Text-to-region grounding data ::
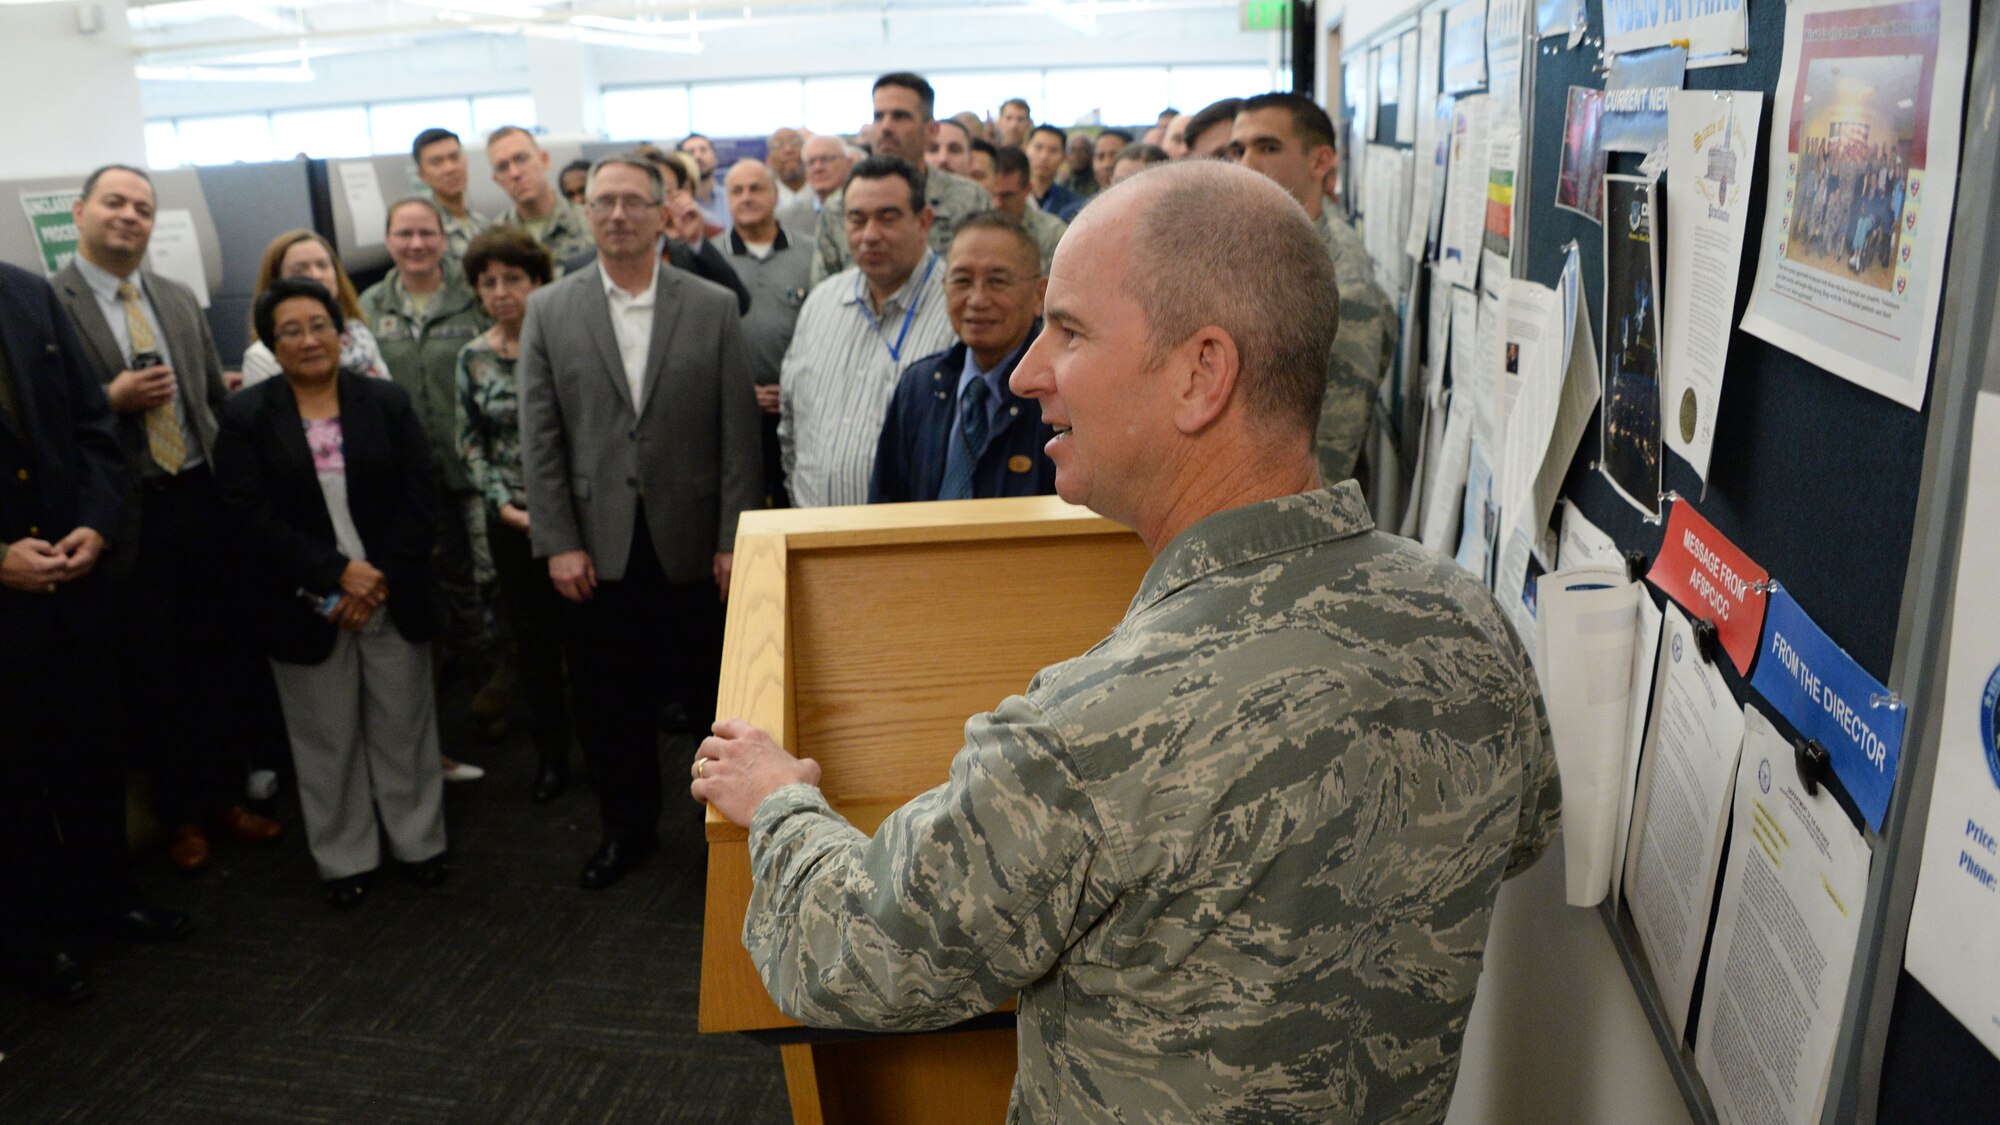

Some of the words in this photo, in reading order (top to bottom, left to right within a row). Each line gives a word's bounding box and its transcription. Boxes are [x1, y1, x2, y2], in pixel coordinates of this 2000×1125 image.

[1604, 88, 1649, 112] CURRENT
[1650, 86, 1679, 112] NEW
[1683, 528, 1720, 578] MESSAGE
[1720, 563, 1746, 603] FROM
[1689, 567, 1730, 621] AFSPC/CC
[1772, 631, 1799, 680] FROM
[1800, 662, 1821, 704] THE
[1823, 686, 1886, 773] DIRECTOR
[1966, 817, 1998, 855] Price:
[1958, 850, 1998, 892] Phone:

PROBLEM STATEMENT ::
Could you restate the entries word for word, skipping any pictures?

EXPECTED ANSWER ::
Some of the words in this photo, in reading order (top to bottom, left to right within a row). Each line gives a word's bounding box and its transcription. Boxes are [x1, y1, x2, y2], in pixel coordinates of this 2000×1125 image.

[1604, 88, 1649, 112] CURRENT
[1650, 86, 1679, 112] NEW
[1683, 528, 1720, 578] MESSAGE
[1720, 563, 1746, 603] FROM
[1689, 567, 1730, 621] AFSPC/CC
[1772, 631, 1799, 680] FROM
[1800, 662, 1821, 704] THE
[1823, 686, 1886, 773] DIRECTOR
[1966, 817, 1998, 855] Price:
[1958, 850, 1998, 892] Phone:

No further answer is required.